Baby Day at the Alamo Drafthouse

 Note: What used to be Baby Day at the Alamo has now grown up to become Alamo for All, inviting parents and caregivers to bring babies or any guest with special sensory needs who might make a little extra noise. Click here for movies, dates and screening times.Baby Day Alamo Drafthouse

When my daughter, Pearl, was just a few days old, I remember thinking (actually, more like wailing in my head), A week ago right now, I was at the movies! It seemed impossible (and impossibly unfair!) that so recently I’d been able to do something I loved — going to the movies — that was suddenly so far out of reach.

So you can imagine how excited I was to find out about Baby Day at the Alamo Drafthouse—which has since evolved into Alamo for All. No more waxing wistfully nostalgic about the incredible luxury of going to see a real movie at an actual theater; I could pack Pearl up on a Tuesday morning and go see a real, live, actual film at my favorite movie theater!

I did this a handful of times with Pearl when she was younger, before she started preschool. Then, on a recent Tuesday morning, I took Zephyr for his very first Baby Day screening at the Alamo Slaughter, where we saw (most of) This Is Where I Leave You. (The movie was…decent. But I don’t even care when the film doesn’t wow me — I’m just so happy to be there!!)

Here’s how Alamo for All works: On Tuesdays and certain weekend mornings (with the exception of national holidays or special screenings), parents can bring their little ones along to see any film starting before 2:00 PM at select Alamo locations. Alamo for All is also open to other guests of all ages with special sensory needs; there are no trailers, the film’s sound level is kept a little low, and moving around and making noise are permitted. Click here for movies, locations, dates and screening times.

A special note about Alamo for All, straight from the Alamo Drafthouse website: “The launch of ‘Alamo for All’ also comes with a new, clarified approach to the Alamo Drafthouse’s ‘No Talking’ policy, ensuring that guests with autism or other needs who are not able to strictly adhere to the rules are given a bit of leeway — not just at sensory friendly screenings, but at ALL Alamo Drafthouse shows.” Sounds great to me!

Here are some things you might be wondering about:

What age does my child have to be to come to an Alamo for All screening?

Infants, babies, children, and guests of any age are welcome at Alamo for All film showings.

But what if I want to go see an R-rated film — can I still bring my baby?

Yes, you can. You can bring your little one to any film that is a Baby Day screening. You just have to use your own parental judgment about whether a particular film might be too much for your child to handle.

The Alamo website says the theater lights are a little brighter and the sound is a little quieter than at regular screenings, right?

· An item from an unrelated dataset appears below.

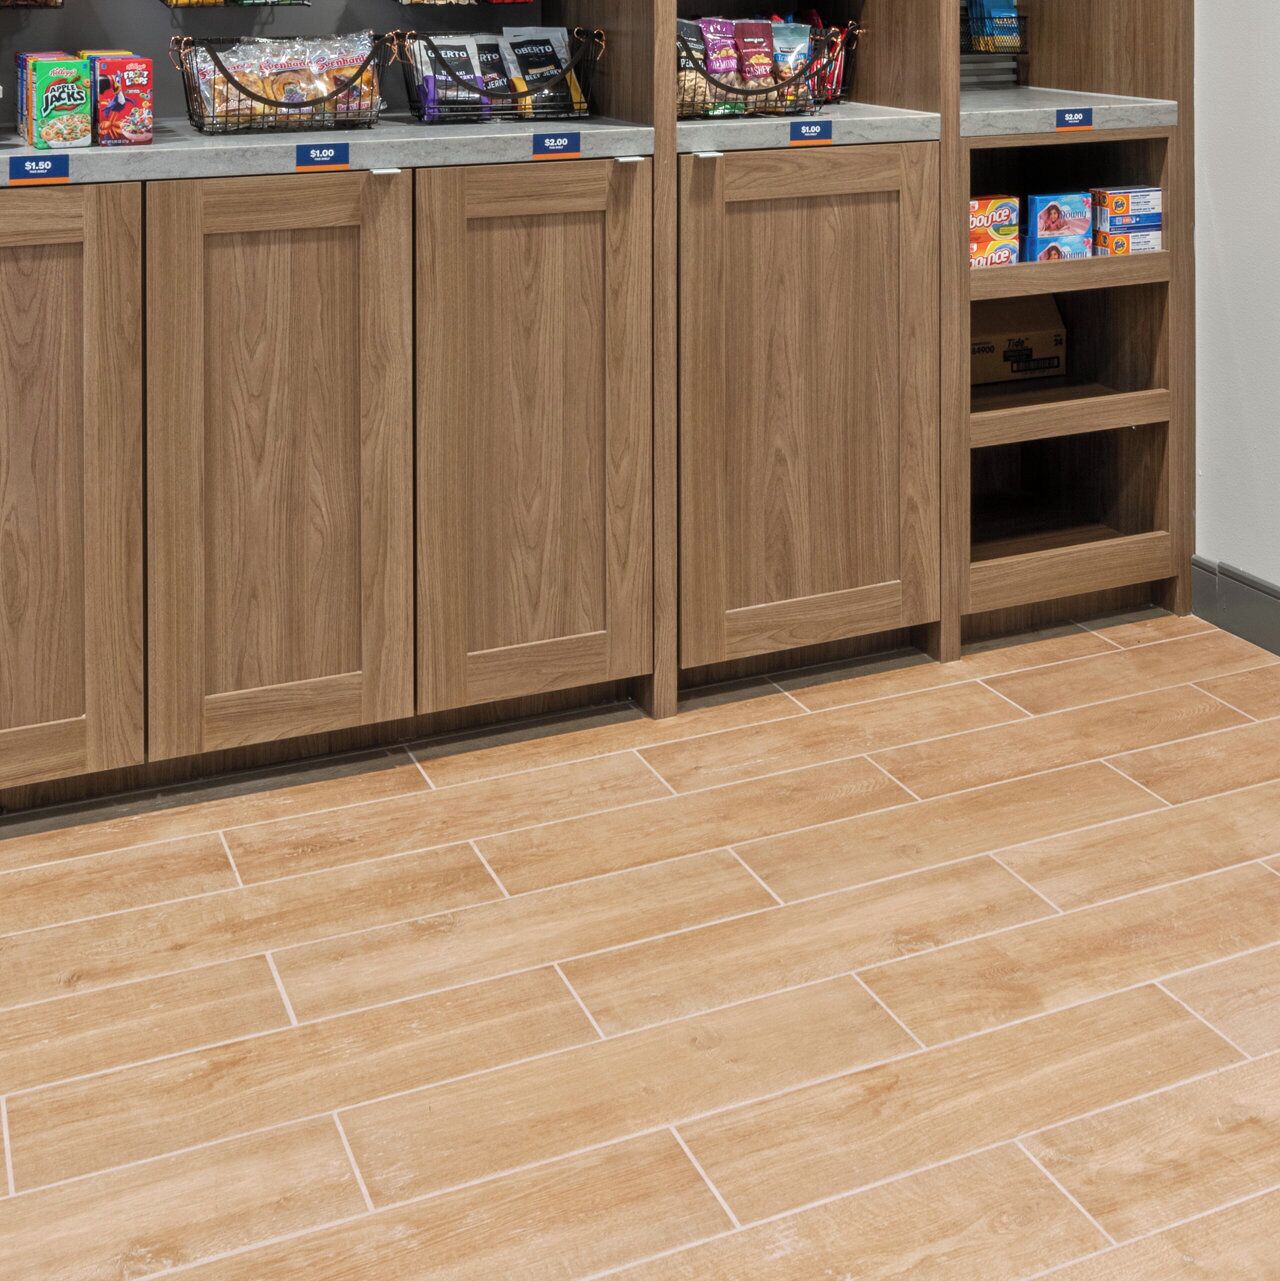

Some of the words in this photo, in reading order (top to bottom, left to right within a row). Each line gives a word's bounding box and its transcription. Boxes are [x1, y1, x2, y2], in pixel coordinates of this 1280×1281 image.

Yes — but in my experience, this wasn’t always necessarily true. Or maybe it’s just all relative. At the film Zeph and I went to see, the sound seemed pretty loud to me, and the lights pretty dim. This wasn’t a problem for me, but it didn’t seem very different from any other film showing. If you know your baby is sensitive to loud noises, Alamo for All screenings may not be quiet enough for you.

What if my baby cries the whole time, or wants to be walked up and down the aisle for an hour straight?

That’s okay! Alamo for All screenings are a place where babies are allowed to be babies. You won’t get kicked out of the theater for having a crying child. That being said, most people do seem to follow the usual baby/public space etiquette of taking their little one out to the hallway if they become too upset for too long. As for walking and bouncing your baby up and down the aisle — I did this through several Baby Day screenings (back when it was Baby Day), and no one seemed to mind. Zeph was a pretty active 15-month-old toddler, and he would definitely do his share of crawling around, pointing, talking a little bit… And it was fine. And then he would nap in my arms for a while — whew!

I know the Alamo serves food, but can I bring my own snacks for the baby?

I’m actually not sure about this. I’ve always just ordered food at the film and shared it with my little ones, rather than bringing my own. (And I always make sure to leave a good tip for the server!!)

But I’m a film purist — I love hearing every word of dialogue and catching every nuanced expression on the actors’ faces.

Yeah…in that case, Baby Day may not be for you. If your own little one isn’t distracting you, someone else’s might. You’re almost guaranteed to miss at least some bits of the film, or to have to leave early (as I did with Zeph, who just didn’t want to stay once he woke up from his power nap). If you really want to see the whole film, you may be better off adding it to your Netflix queue and watching it at home.

I love Alamo for All. When Zeph and I went, an employee assured me that “there are basically no rules” for the children inside an Alamo for All theater. They can climb around, cry, talk, get fussy, and it’s all fine and acceptable (as long as they are with their parent/guardian, of course). If you’re home on a Tuesday morning, it’s a  great time to go to the movies. Hardly anyone goes to early shows on Tuesdays, so you get rock star parking and your choice of seats. And now there are Alamo for All showtimes on weekends, too!

When Zeph and I went, we enjoyed the Bleu Cheese veggie burger and fries, and sat spellbound by the film. What could be better?